Leave out the pictures and copy each record below exactly.

┌────────

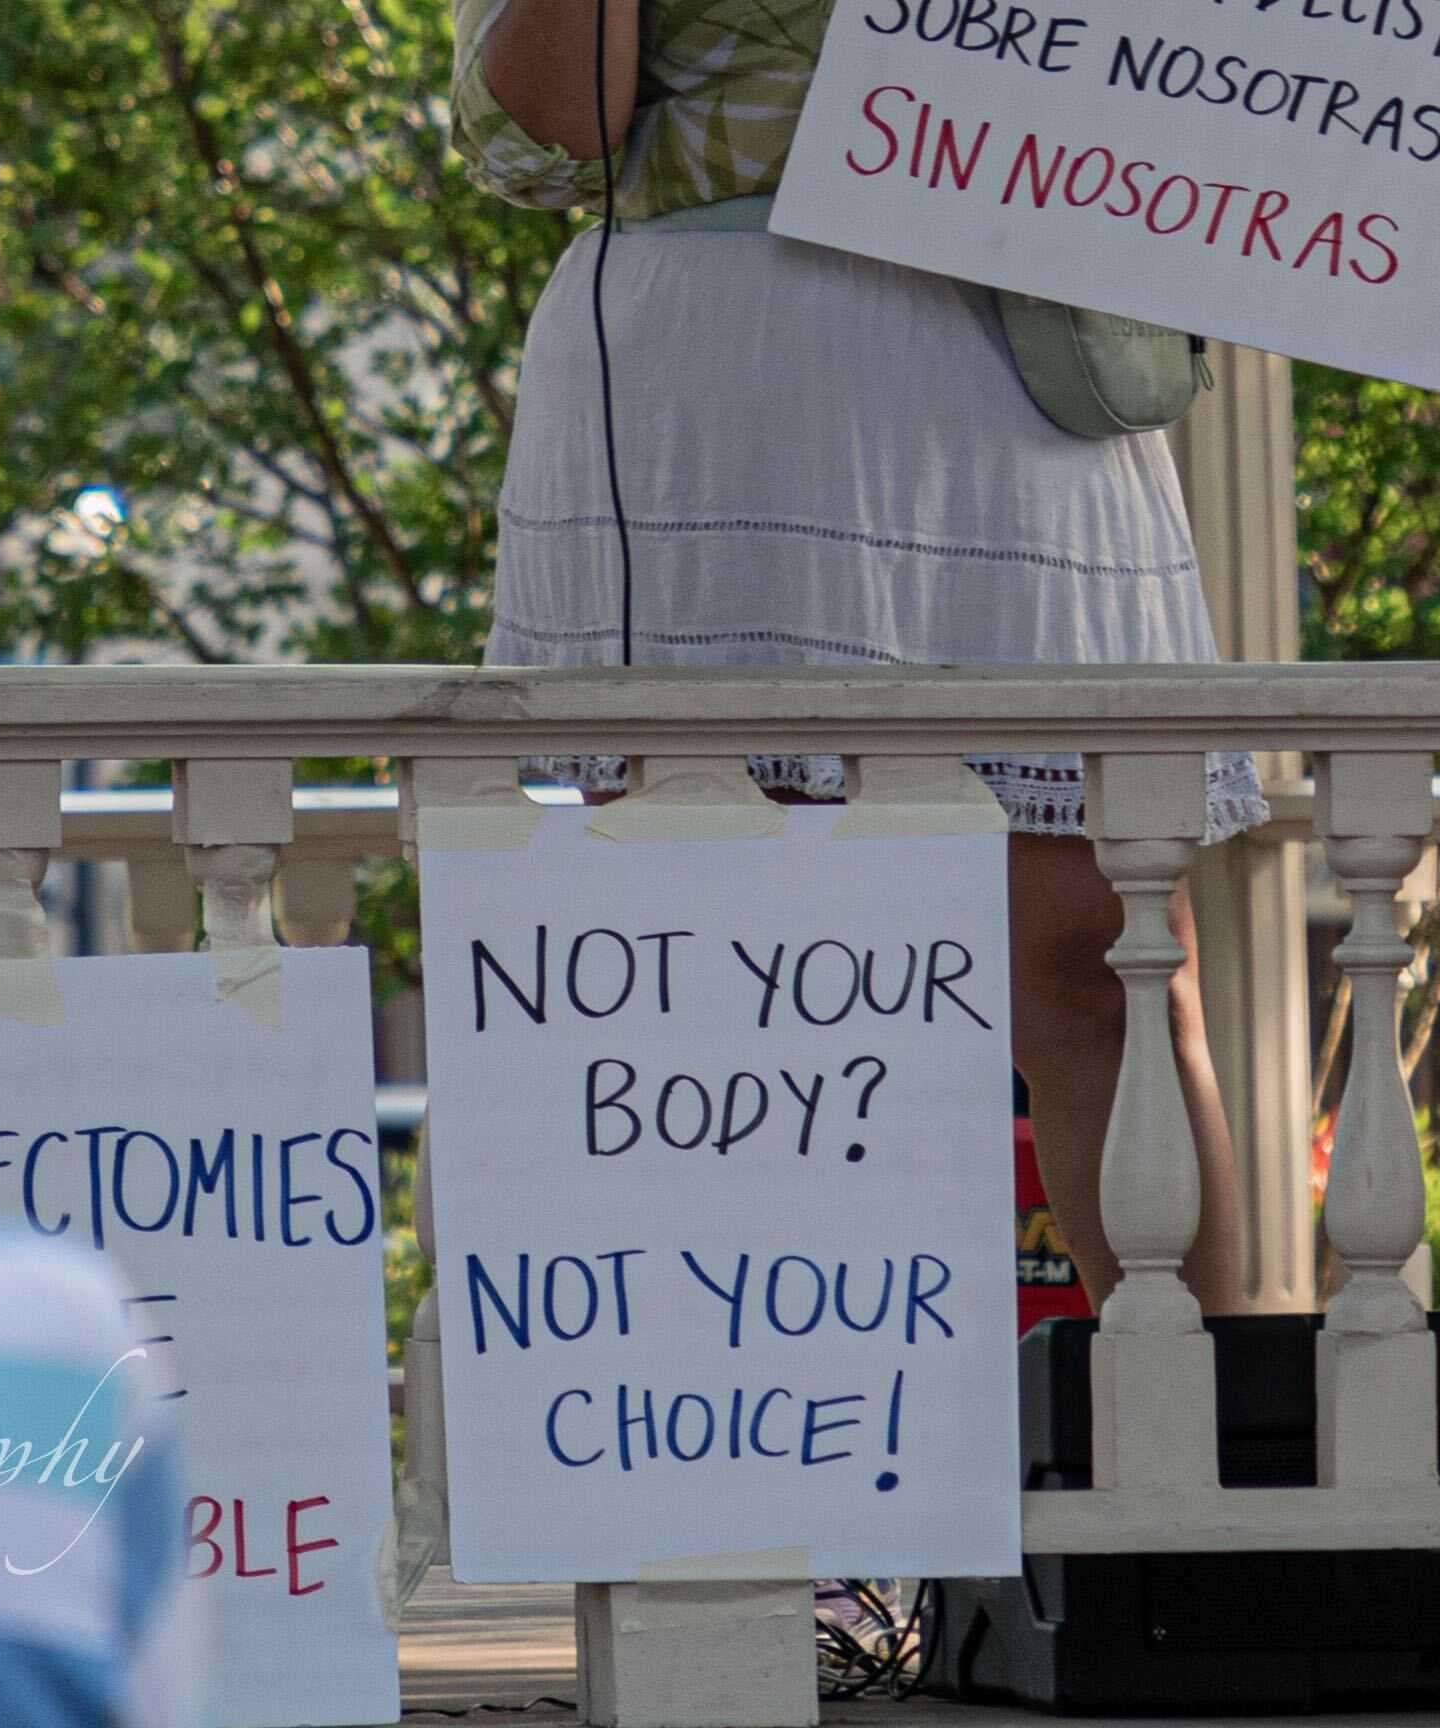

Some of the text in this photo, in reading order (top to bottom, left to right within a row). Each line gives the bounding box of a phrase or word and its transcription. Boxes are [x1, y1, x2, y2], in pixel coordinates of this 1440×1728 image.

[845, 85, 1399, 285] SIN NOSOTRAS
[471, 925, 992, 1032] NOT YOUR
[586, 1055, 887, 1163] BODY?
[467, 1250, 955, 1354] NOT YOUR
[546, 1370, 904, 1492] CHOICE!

└────────

**Answer space**
Some of the text in this photo, in reading order (top to bottom, left to right within a row). Each line gives the bounding box of a phrase or word and its transcription. Boxes are [x1, y1, x2, y2], in pixel coordinates of this 1440×1728 image.

[845, 85, 1399, 285] SIN NOSOTRAS
[471, 925, 992, 1032] NOT YOUR
[586, 1055, 887, 1163] BODY?
[467, 1250, 955, 1354] NOT YOUR
[546, 1370, 904, 1492] CHOICE!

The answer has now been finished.